Correspondence: Professor G Sancesario, Department of Neuroscience, University of Rome Tor Vergata, Via Montpellier 1, 00133 Rome, Italy. E-mail: sancesario@med.uniroma2.it

Received 22 July 2005; Revised 2 October 2005; Accepted 23 October 2005; Published online 4 January 2006.

Abstract

Adenosine 5'-triphosphate outflow increases after an ischemic insult in the brain and may induce the expression of P2X₇ receptors in resting microglia, determining its modification into an activated state. To assess the effects of P2X₇ receptor blockade in preventing microglia activation and ameliorating brain damage and neurological impairment, we delivered the P2 unselective antagonist Reactive Blue 2 to rats after middle cerebral artery occlusion. In sham-operated animals, devoid of brain damage, double immunofluorescence verified the absence of P2X₇ immunoreactivity on resting microglia, astrocytes, and neurons, identified, respectively, by OX-42, glial fibrillary acid protein, and neuronal nuclei (NeuN) immunoreactivity. After ischemia, vehicle-treated rats showed monolateral sensorimotor deficit and tissue damage in striatum and frontoparietal cortex. Moreover, P2X₇ immunoreactivity was de novo expressed on activated microglia in infarcted and surrounding areas, as well as on a reactive form of microglia, resting in shape but P2X₇ immunoreactive, present in ipsi- and contralateral cingulate and medial frontal cortex. Reactive Blue 2 improved sensorimotor deficit and restricted the volume of infarction, without preventing the expression of P2X₇, but inducing it in the microglia of contralateral frontal and parietal cortex and striatum, which had lost reciprocal connections with the remote infarct area.
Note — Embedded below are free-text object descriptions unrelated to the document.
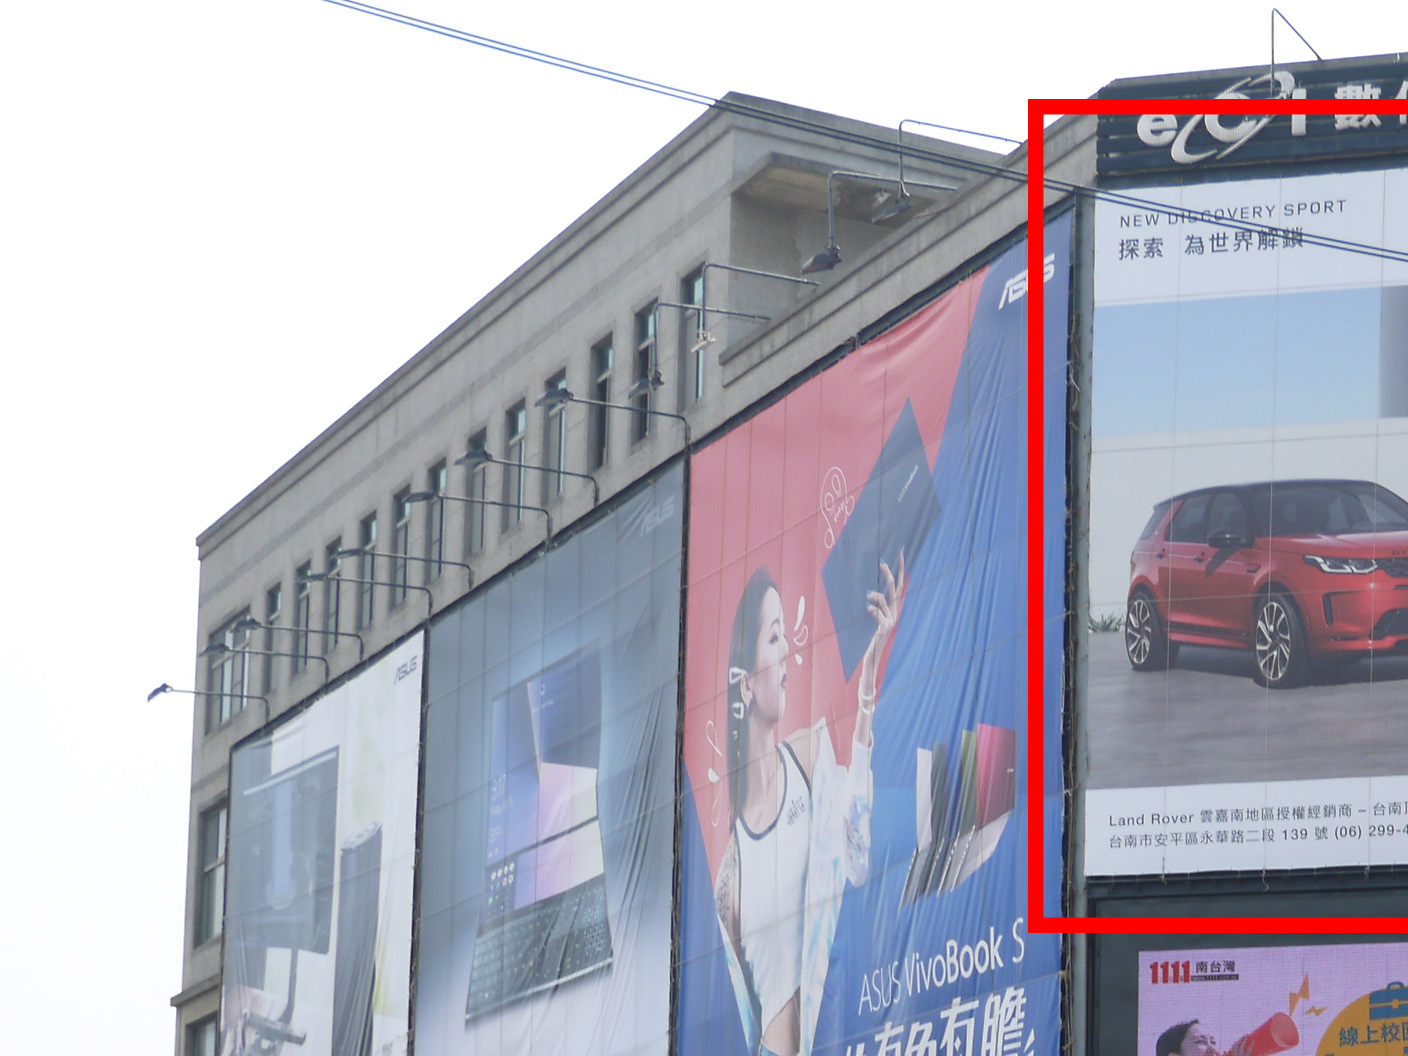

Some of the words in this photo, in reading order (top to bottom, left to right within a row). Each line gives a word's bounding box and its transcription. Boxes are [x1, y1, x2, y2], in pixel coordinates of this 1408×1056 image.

[1120, 213, 1160, 228] NEW
[1168, 205, 1275, 225] DISCOVERY
[1284, 200, 1346, 217] SPORT
[1119, 238, 1164, 260] 探索
[1185, 227, 1304, 255] 為世界解鎖
[998, 253, 1055, 310] ASS
[1108, 813, 1145, 828] Land
[1150, 811, 1194, 826] Rover
[1199, 801, 1353, 823] 雲嘉南地區授權經銷商
[1109, 828, 1276, 849] 台南市安平區永華路二段
[1281, 827, 1309, 842] 139
[1315, 828, 1329, 841] 號
[1334, 826, 1362, 841] (06)
[858, 963, 901, 1016] ASUS
[904, 935, 1004, 997] VivoBook
[1012, 916, 1026, 965] S
[1149, 960, 1191, 985] 1111
[1195, 959, 1236, 974] 南台灣
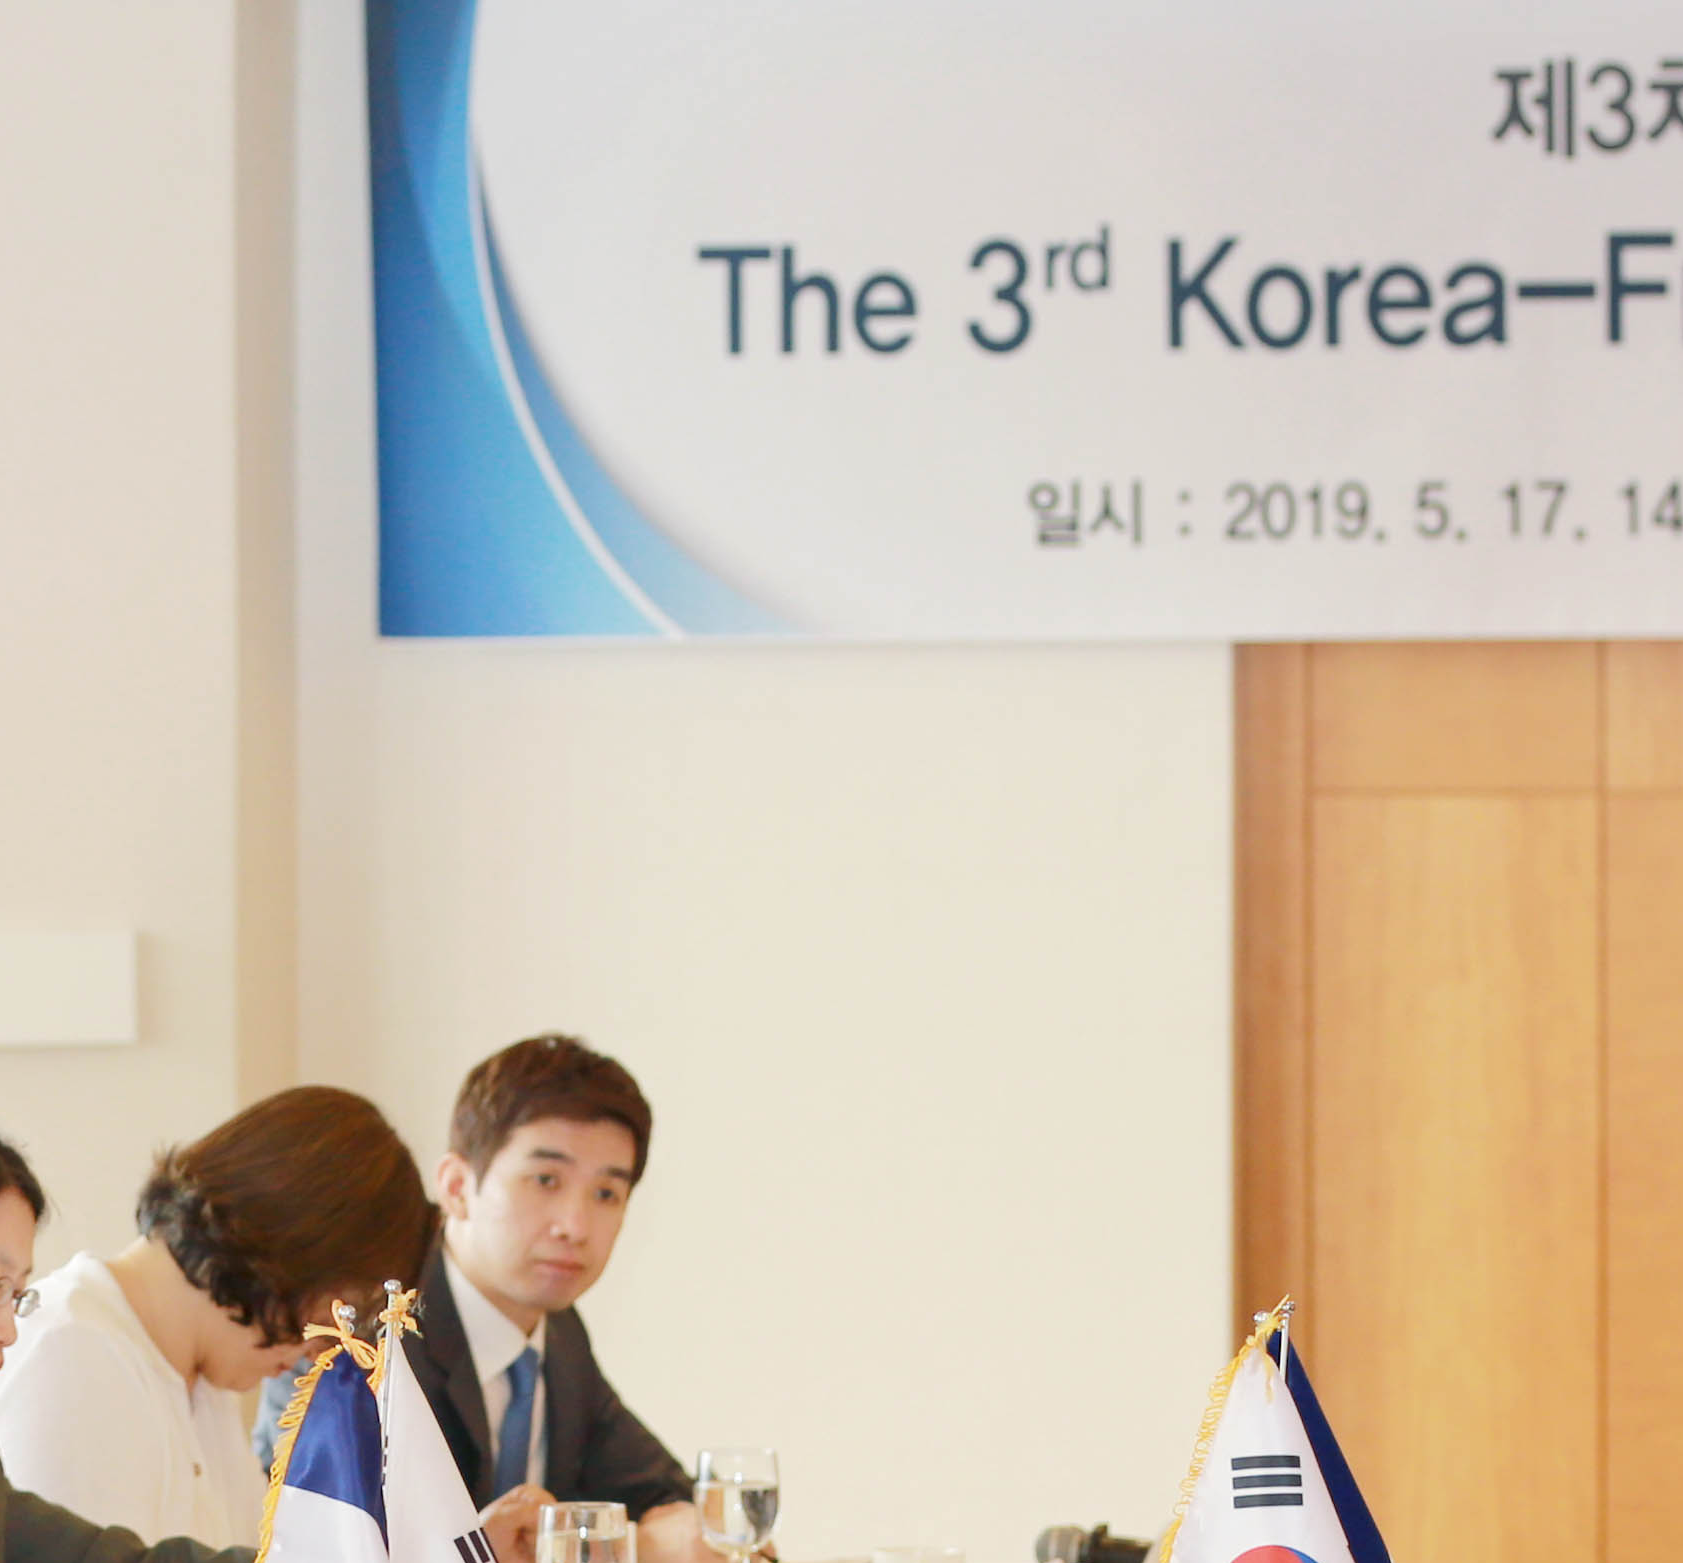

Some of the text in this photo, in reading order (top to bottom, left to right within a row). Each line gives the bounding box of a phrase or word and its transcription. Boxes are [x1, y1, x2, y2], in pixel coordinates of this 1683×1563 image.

[695, 243, 919, 357] The
[965, 224, 1111, 357] 3rd
[1026, 480, 1143, 548] 일시
[1178, 489, 1191, 537] :
[1223, 480, 1386, 543] 2019.
[1414, 480, 1467, 543] 5.
[1502, 479, 1585, 543] 17.
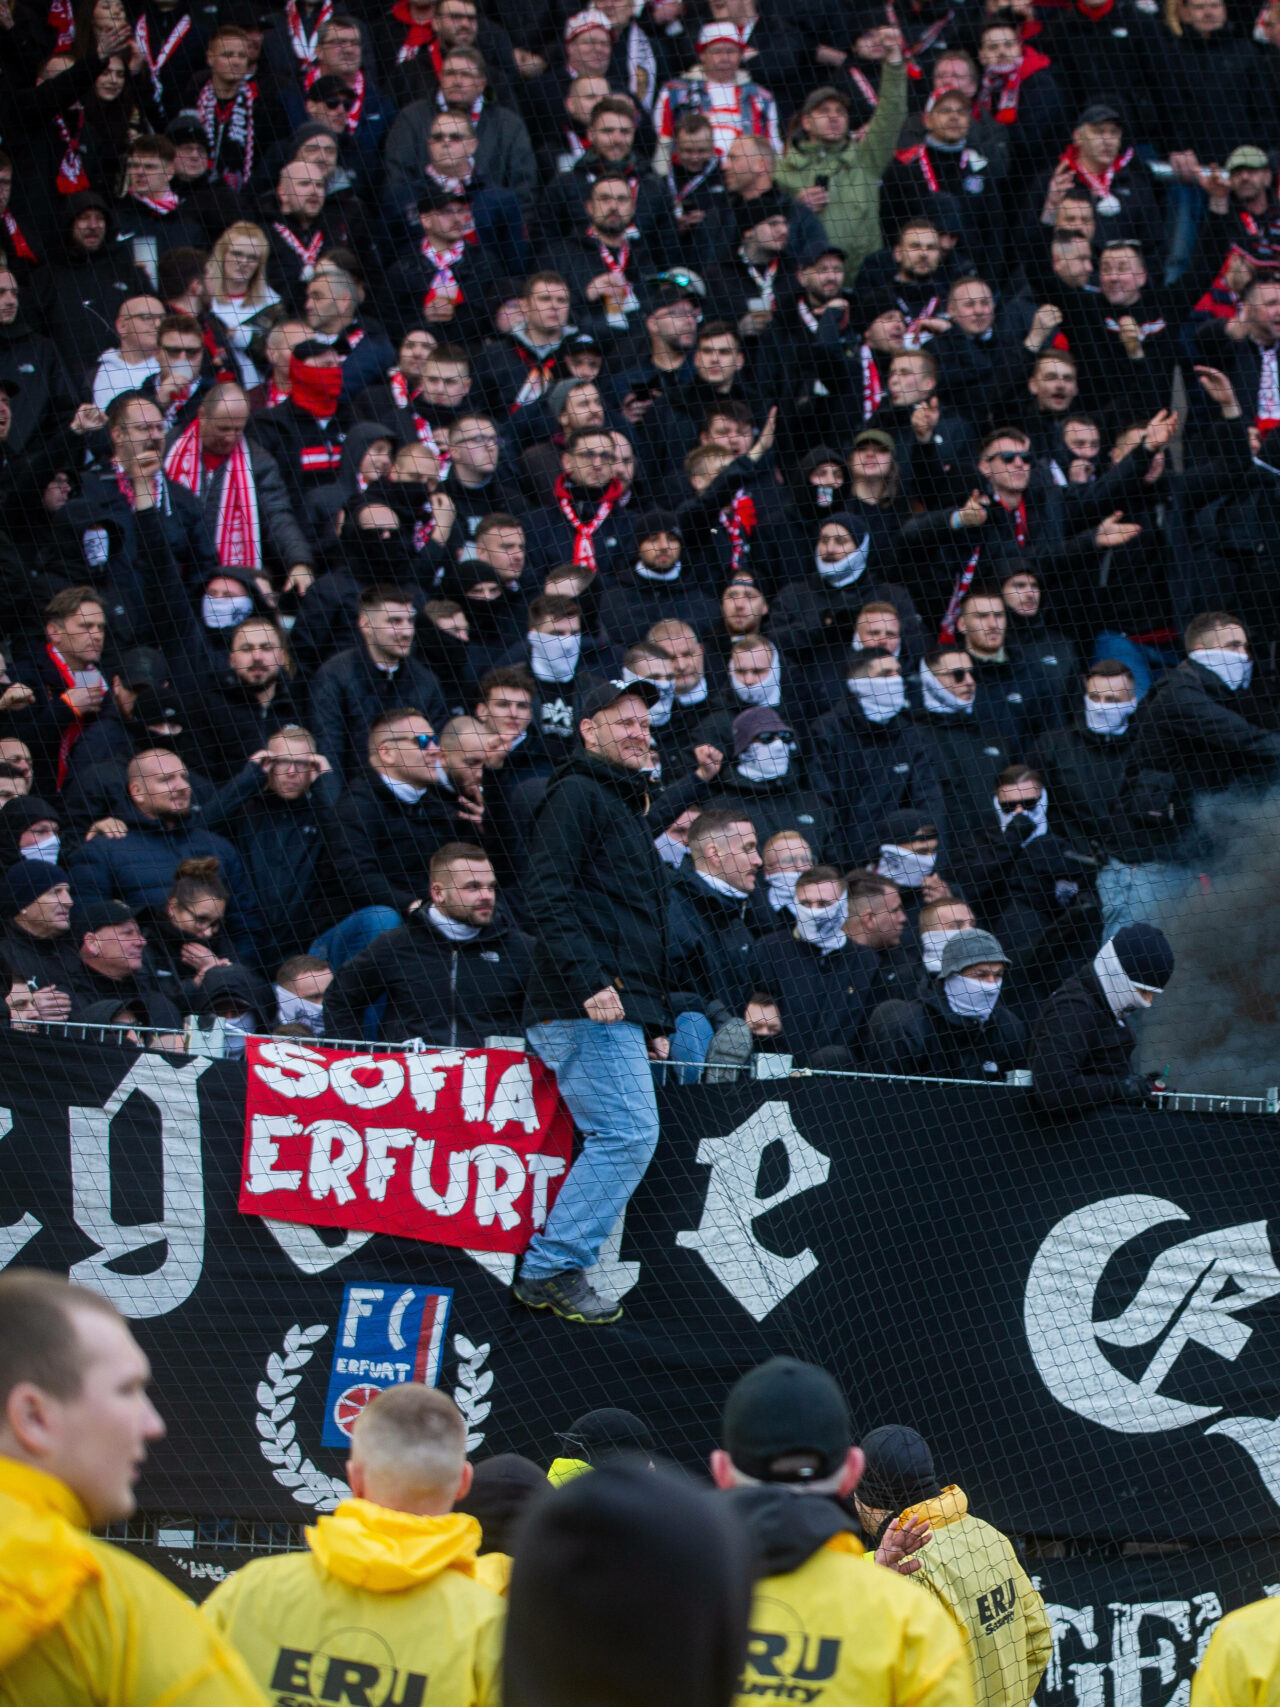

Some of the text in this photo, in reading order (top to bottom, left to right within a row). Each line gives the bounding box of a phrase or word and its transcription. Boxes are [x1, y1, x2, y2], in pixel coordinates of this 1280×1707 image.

De novo expression of P2X₇ occurred in both activated and reactive microglia, suggesting their differentiated roles in the area of infarct and in remote regions. Reactive Blue 2 reduced ischemic brain damage, likely blocking the function of activated microglia in the infarct area, but in the remote brain regions promoted the expression of P2X₇ on reactive microglia, developing defense and reparative processes.